Verkada says it has entered a technical collaboration with NVIDIA aimed at developing and deploying what the companies describe as “physical AI” for the built environment, with NVIDIA also taking an investment stake in the physical security technology provider.
The announcement follows a strategic investment from Alphabet’s CapitalG late last year, according to Verkada. The company did not disclose the size of NVIDIA’s investment.
Verkada said the collaboration focuses on improving AI-driven video analytics, including video search, multimodal embeddings and vector retrieval for semantic search, and the use of synthetic data generation to augment training datasets.
The company said it is using NVIDIA Cosmos world foundation models and the NVIDIA Physical AI Data Factory to accelerate model training and inference across more than 2.4 million devices deployed in 170 countries. Verkada also claimed the collaboration has produced a 68% improvement in mean average precision (mAP) for its AI-powered search, which it said reduces investigation time for customers.

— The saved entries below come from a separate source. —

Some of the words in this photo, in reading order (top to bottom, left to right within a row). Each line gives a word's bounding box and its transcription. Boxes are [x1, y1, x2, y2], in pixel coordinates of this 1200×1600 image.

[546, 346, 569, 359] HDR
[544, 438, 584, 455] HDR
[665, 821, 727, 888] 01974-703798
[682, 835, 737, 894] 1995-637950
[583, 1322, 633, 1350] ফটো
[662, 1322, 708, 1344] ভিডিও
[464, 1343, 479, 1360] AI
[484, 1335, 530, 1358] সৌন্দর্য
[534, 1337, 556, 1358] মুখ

“Verkada has been building and deploying Physical AI before the term existed. With our footprint of more than 2.4 million devices across 170 countries and 30,000 organizations, we’ve proven that the built environment is one of the largest beneficiaries of AI,” said Filip Kaliszan, co-founder and CEO of Verkada. “Working with NVIDIA supercharges what we’ve spent nearly a decade building: AI that keeps students safe in schools, protects workers on factory floors, helps retailers prevent theft, and enables organizations to operate more efficiently.”

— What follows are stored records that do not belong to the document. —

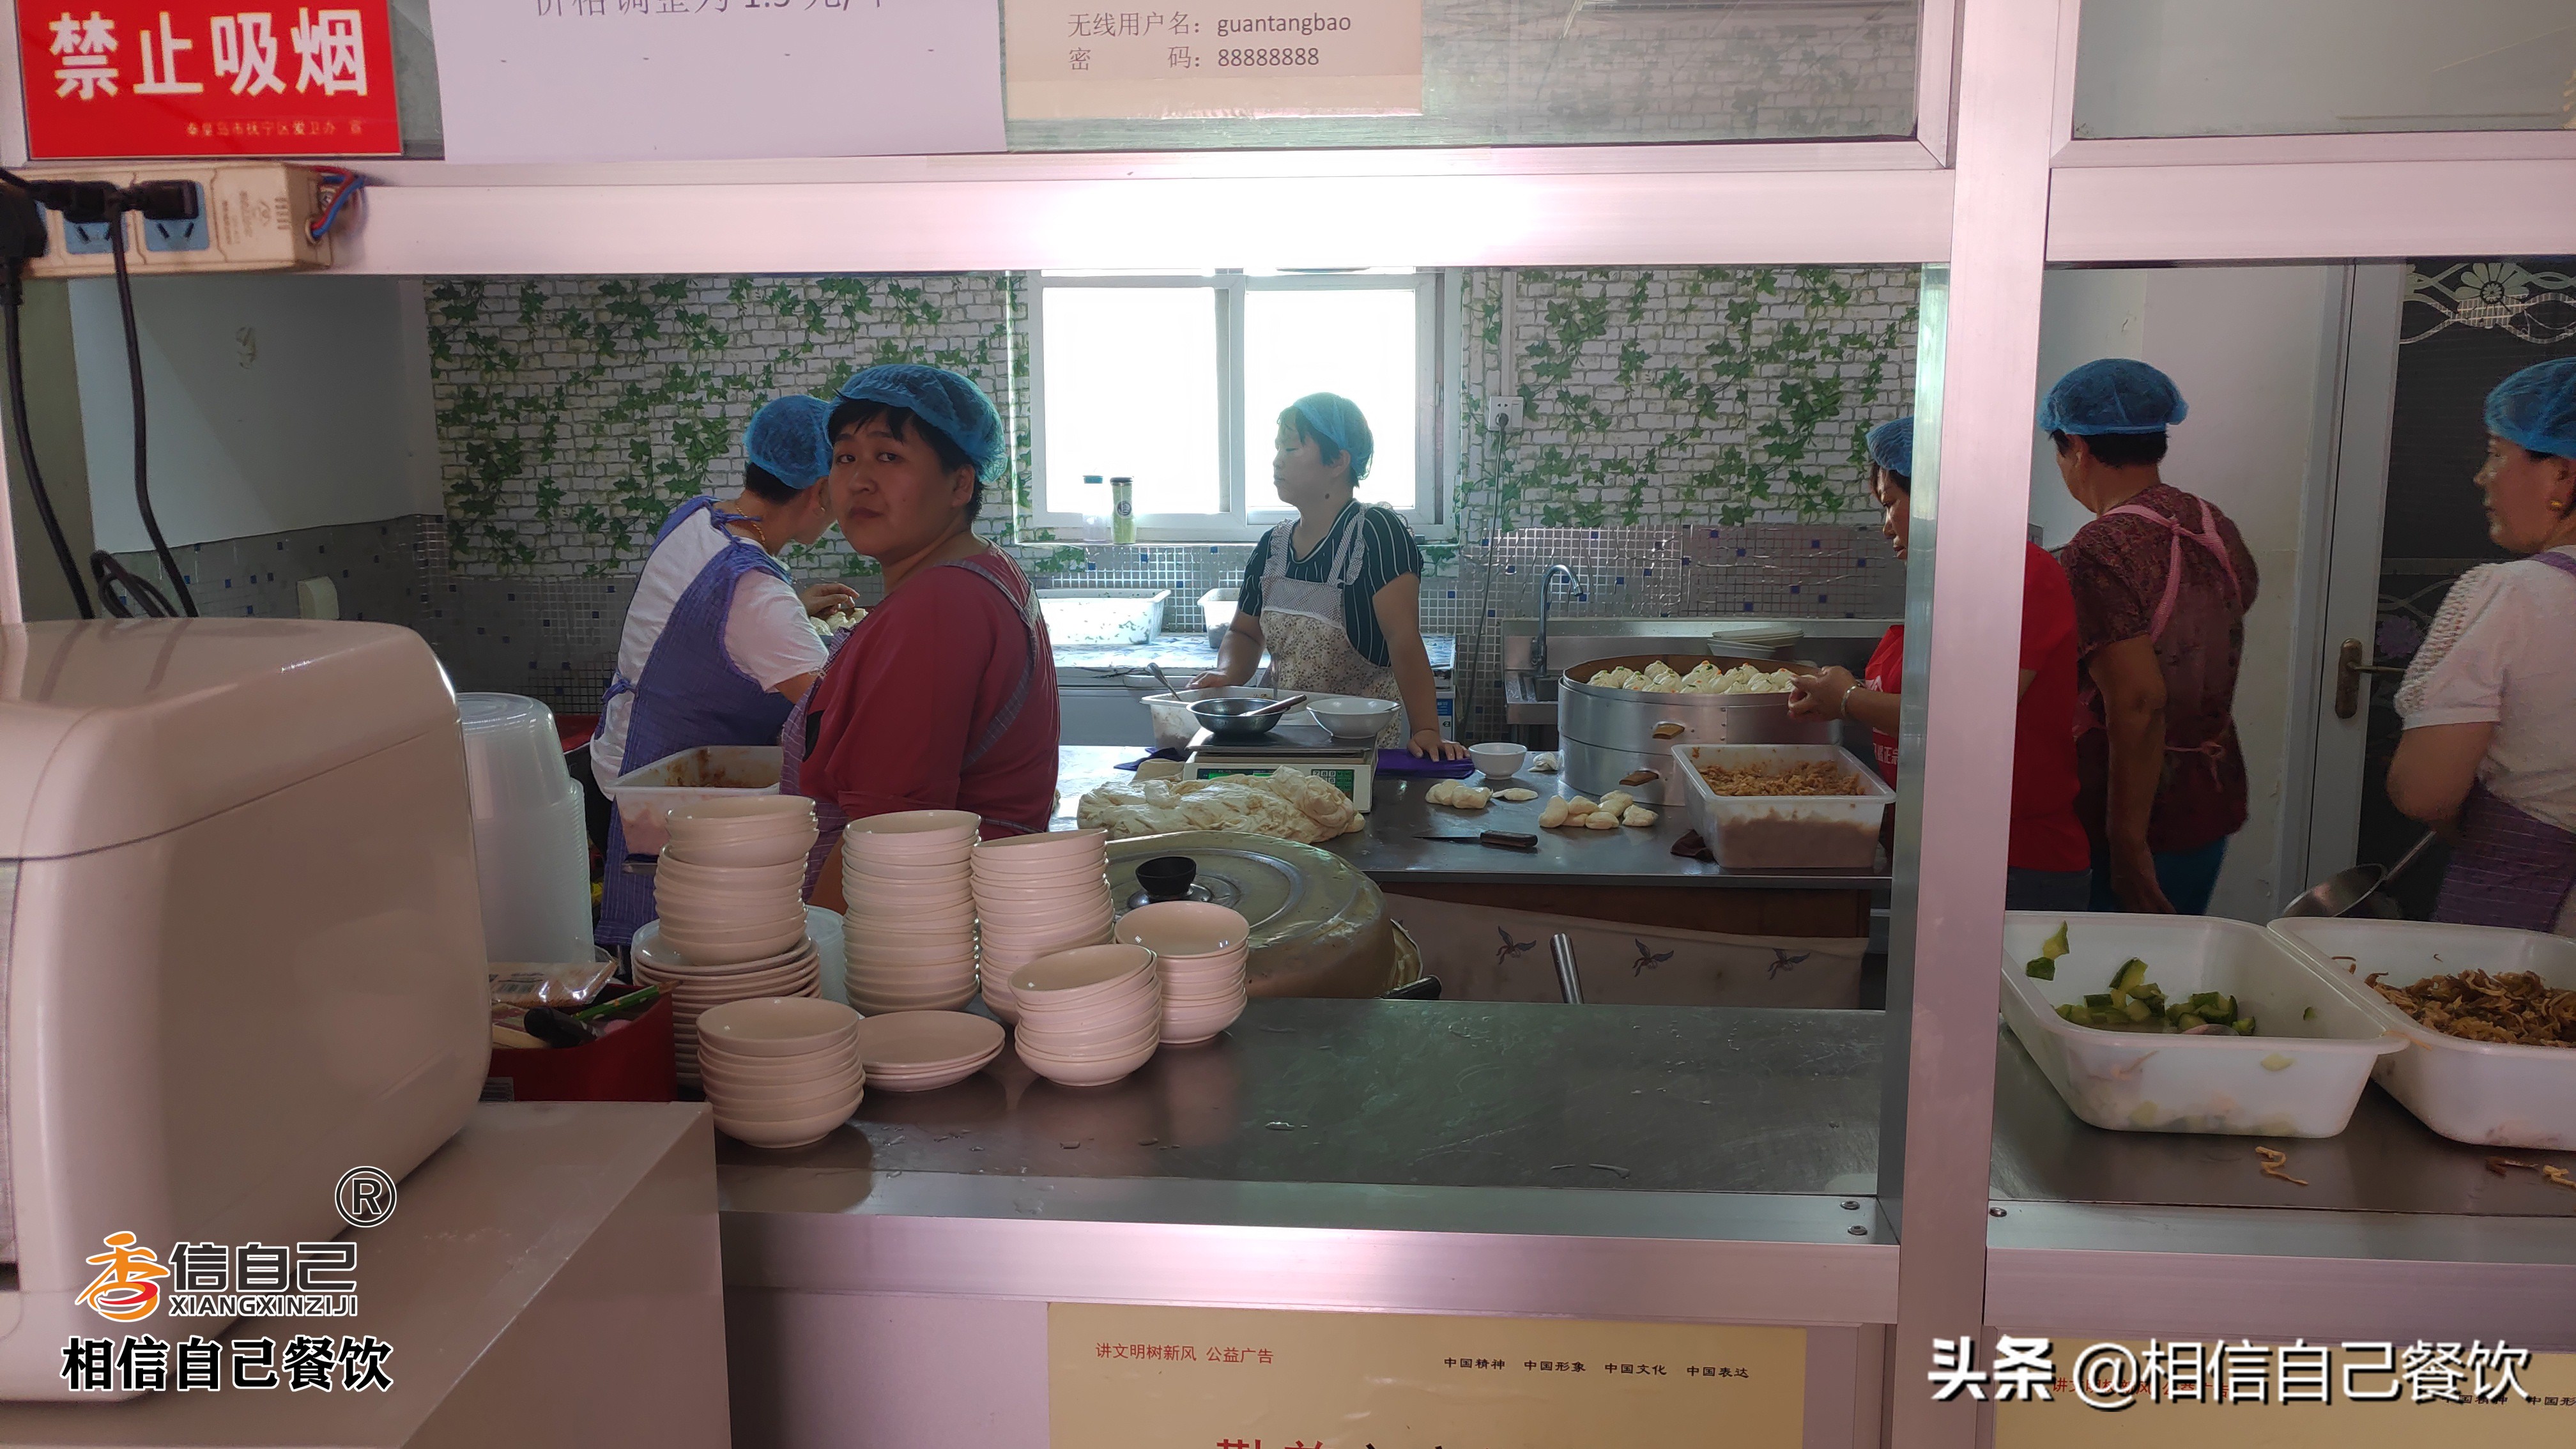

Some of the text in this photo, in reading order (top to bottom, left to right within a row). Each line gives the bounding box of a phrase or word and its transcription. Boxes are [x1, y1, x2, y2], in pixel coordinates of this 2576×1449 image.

[1068, 11, 1351, 37] 无线用户名： guantangbao
[49, 7, 367, 100] 禁止吸烟
[1068, 47, 1091, 70] 密
[1218, 48, 1319, 66] 88888888
[1095, 1342, 1274, 1364] 讲文明树新风 公益广告
[1444, 1357, 1749, 1379] 中国精神 中国形象 中国文化 中国表达

Verkada said it is also developing a multi-model search agent architecture and exploring reasoning models intended to address “complex, unstructured real-world scenarios,” including health and safety incidents on manufacturing floors and retail shrinkage detection.
The deal highlights the growing role of large-scale compute and synthetic data techniques in physical security analytics, as vendors seek faster model development and improved accuracy across large device fleets. It also underscores the increased interest from major AI infrastructure providers in the physical security market as video and sensor data volumes expand.